Scientists in Spain have created a vaccine against the Zika virus, the tropical disease caused by mosquitoes. In testing it on rats already infected with Zika, they found the animals made a complete recovery and that their immune system responded to the drug developed in the laboratory staffed by members of the High Council for Scientific Research (CSIC). Zika, a virus declared an international public health emergency by the World Health Organisation (WHO) in 2016, can cause severe neurological disorders and microcephalia, a very small, under-developed brain, in babies of pregnant women. The results open the door to trials on non-human primates and, if successful, would justify starting clinical trials.
With flu season well underway, The Valencian Health Authority and University hospital Torrevieja are recommending the annual vaccination for everyone aged 60 and over, as well as in other vulnerable groups, including those with chronic respiratory or heart disease or blood disorders, pregnant women, health care workers and those living in nursing homes and other long-term care facilities. There are some whom they recommend shouldn’t be vaccinated without first consulting a physician, including children under 6 months, and those who’ve had a severe reaction to an influenza vaccination in the past. As always, the recommendation is to contact your GP.
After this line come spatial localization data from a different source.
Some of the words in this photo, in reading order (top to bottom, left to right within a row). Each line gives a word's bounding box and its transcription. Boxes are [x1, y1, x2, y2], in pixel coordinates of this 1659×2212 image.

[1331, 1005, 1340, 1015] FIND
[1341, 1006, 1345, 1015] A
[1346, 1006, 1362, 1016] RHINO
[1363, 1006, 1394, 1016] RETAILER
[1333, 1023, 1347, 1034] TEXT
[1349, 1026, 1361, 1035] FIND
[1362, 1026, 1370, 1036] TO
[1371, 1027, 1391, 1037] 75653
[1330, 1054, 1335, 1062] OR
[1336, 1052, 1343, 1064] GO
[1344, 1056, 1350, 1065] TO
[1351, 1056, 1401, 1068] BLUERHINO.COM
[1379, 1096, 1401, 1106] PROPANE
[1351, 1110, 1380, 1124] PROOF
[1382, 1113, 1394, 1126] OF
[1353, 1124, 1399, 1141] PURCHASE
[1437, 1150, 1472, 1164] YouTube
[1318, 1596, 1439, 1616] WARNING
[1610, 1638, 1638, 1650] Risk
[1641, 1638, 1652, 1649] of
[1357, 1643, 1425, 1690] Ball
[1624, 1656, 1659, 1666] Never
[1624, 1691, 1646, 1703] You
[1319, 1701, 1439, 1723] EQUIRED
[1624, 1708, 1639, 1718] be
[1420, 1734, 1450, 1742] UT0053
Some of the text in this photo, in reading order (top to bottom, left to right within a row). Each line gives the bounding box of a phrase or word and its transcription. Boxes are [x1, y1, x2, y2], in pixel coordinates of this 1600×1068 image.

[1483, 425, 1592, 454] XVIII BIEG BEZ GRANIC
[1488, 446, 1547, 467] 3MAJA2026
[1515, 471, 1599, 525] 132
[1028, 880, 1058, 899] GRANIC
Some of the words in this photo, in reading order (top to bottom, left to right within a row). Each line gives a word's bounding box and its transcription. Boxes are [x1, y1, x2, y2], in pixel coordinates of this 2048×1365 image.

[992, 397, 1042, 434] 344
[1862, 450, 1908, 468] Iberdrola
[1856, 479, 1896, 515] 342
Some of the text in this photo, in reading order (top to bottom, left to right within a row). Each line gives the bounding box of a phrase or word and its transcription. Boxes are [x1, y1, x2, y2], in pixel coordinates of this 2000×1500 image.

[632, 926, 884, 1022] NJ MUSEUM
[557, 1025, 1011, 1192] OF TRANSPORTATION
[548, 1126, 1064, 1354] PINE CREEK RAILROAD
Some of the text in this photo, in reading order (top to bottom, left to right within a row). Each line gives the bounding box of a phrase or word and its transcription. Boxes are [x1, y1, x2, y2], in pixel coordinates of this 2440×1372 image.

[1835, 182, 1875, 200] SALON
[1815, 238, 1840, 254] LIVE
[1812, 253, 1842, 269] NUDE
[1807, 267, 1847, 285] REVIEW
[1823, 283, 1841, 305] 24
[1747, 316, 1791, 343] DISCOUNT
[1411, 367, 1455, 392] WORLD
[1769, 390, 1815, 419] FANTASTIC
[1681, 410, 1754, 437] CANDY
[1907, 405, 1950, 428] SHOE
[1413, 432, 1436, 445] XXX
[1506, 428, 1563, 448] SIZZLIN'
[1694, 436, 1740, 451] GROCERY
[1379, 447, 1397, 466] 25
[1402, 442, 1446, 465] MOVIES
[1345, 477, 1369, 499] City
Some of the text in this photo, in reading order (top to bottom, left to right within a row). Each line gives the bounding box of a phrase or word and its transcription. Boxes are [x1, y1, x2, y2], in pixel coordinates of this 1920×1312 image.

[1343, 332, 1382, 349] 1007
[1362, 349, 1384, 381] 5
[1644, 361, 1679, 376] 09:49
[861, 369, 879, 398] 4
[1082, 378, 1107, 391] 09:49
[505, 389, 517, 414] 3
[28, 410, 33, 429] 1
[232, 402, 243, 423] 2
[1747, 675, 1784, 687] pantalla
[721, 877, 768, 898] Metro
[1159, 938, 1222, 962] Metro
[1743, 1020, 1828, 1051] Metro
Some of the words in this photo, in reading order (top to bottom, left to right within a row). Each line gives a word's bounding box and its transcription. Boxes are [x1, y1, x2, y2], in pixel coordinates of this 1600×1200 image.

Madrid today joins a global list of cities fighting air pollution through local initiatives. In a historic move, the Spanish capital has introduced a raft of measures aimed at reducing greenhouse gas emissions in the centre.
Viewed as a legacy-making project for Mayor Manuela Carmena, Madrid Central has made 472 hectares of the city center off-limits to traffic, except for local residents and public transportation. Non-residents with appropriate energy labels may enter to leave their vehicle in a public car park, and exceptions are made for people with reduced mobility, ambulances, taxis, private-hire cars and delivery vans. Electric vehicles will also be allowed in.
Meanwhile, average waiting times for surgery in Spain appear to be falling, according to data released this week by the Health Ministry.
Patients wait an average of 93 days for surgery at a public hospital, and one in every eight people wait over six months. The figures show that 584,000 patients were on a waiting list at the end of June… 20,000 fewer than a year earlier.
Average waiting times have been reduced by 11 days for operations.
Finance Minister María Jesús Montero says that parents who received paternity or maternity payments in the last four years from the Spanish Social Security system will be able to reclaim the income tax they paid on those benefits. The minister added that all of the rebates should be paid by April next year after a Supreme Court ruling in October settled a legal debate on whether or not the benefits should be subject to income tax. Taxpayers are only be able to claim back to 2014, as the Tax Office only allows for revisions to returns filed in the last four years.